"""

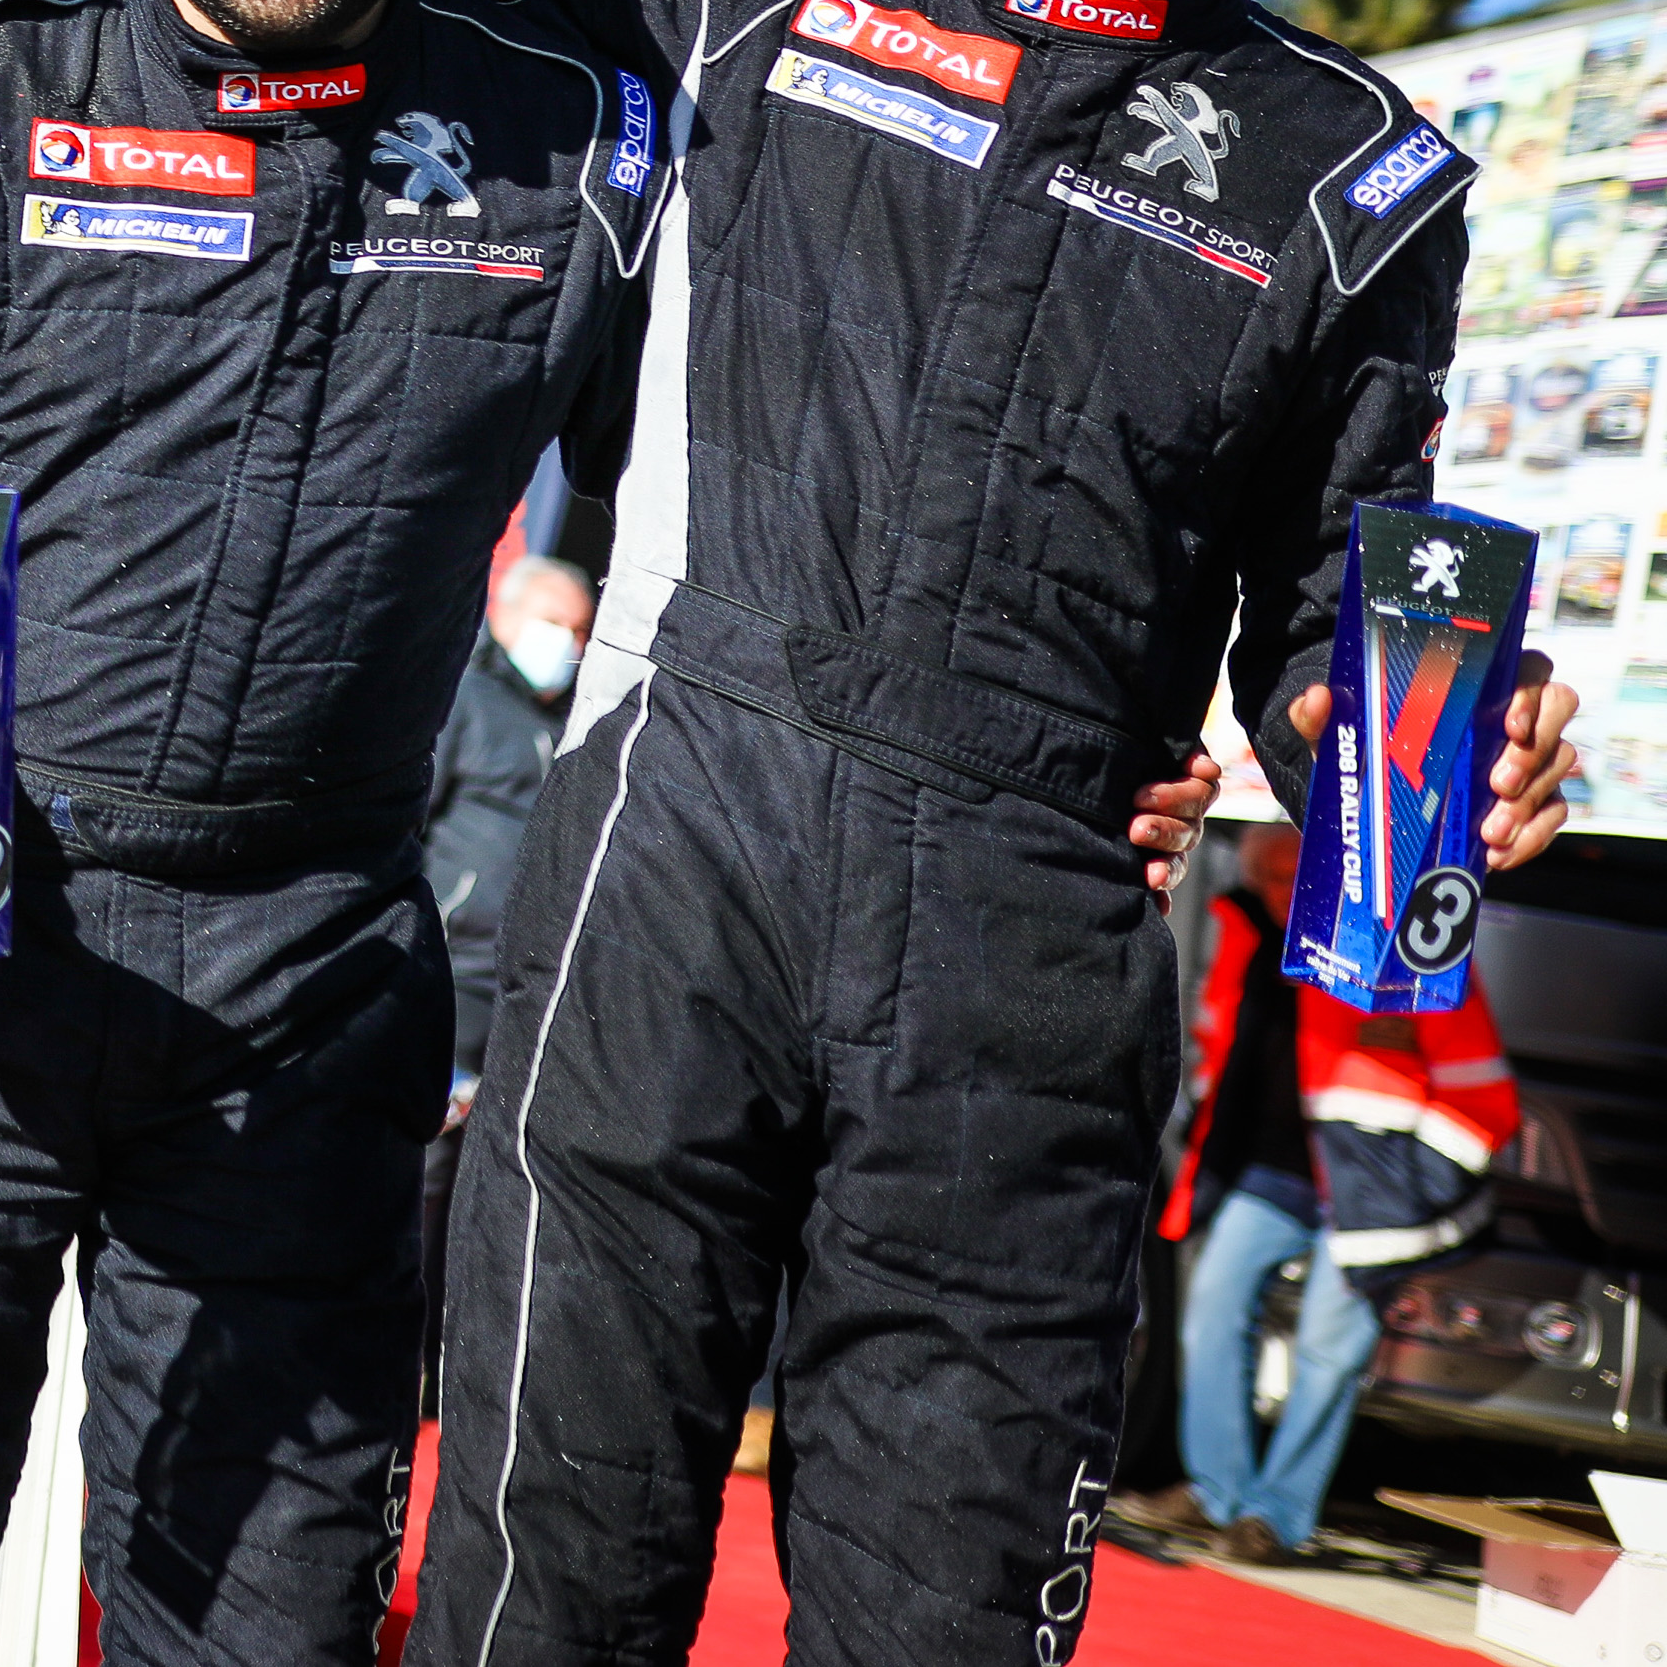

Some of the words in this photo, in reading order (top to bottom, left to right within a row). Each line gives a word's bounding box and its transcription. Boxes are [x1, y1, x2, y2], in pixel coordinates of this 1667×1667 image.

[867, 17, 1001, 86] TOTAL
[264, 79, 360, 100] TOTAL
[828, 80, 967, 145] MICHELIN
[93, 141, 245, 179] TOTAL
[613, 72, 647, 187] sparco
[1352, 127, 1445, 210] sparco
[87, 217, 230, 245] MICHELIN
[1056, 164, 1202, 236] PEUGEOT
[1204, 227, 1278, 271] SPORT
[331, 238, 476, 258] PEUGEOT
[476, 243, 545, 264] SPORT
[1375, 594, 1455, 617] PEUGEOT
[1336, 723, 1359, 772] 208
[1338, 774, 1361, 852] RALLY
[1342, 850, 1363, 904] CUP
[1407, 877, 1473, 963] 3
[1035, 1458, 1109, 1667] PORT

"""

Aim of the task:
Please return the listing above exactly and leave every picture out.

Response for this exercise:
Some of the words in this photo, in reading order (top to bottom, left to right within a row). Each line gives a word's bounding box and its transcription. Boxes are [x1, y1, x2, y2], in pixel coordinates of this 1667×1667 image.

[867, 17, 1001, 86] TOTAL
[264, 79, 360, 100] TOTAL
[828, 80, 967, 145] MICHELIN
[93, 141, 245, 179] TOTAL
[613, 72, 647, 187] sparco
[1352, 127, 1445, 210] sparco
[87, 217, 230, 245] MICHELIN
[1056, 164, 1202, 236] PEUGEOT
[1204, 227, 1278, 271] SPORT
[331, 238, 476, 258] PEUGEOT
[476, 243, 545, 264] SPORT
[1375, 594, 1455, 617] PEUGEOT
[1336, 723, 1359, 772] 208
[1338, 774, 1361, 852] RALLY
[1342, 850, 1363, 904] CUP
[1407, 877, 1473, 963] 3
[1035, 1458, 1109, 1667] PORT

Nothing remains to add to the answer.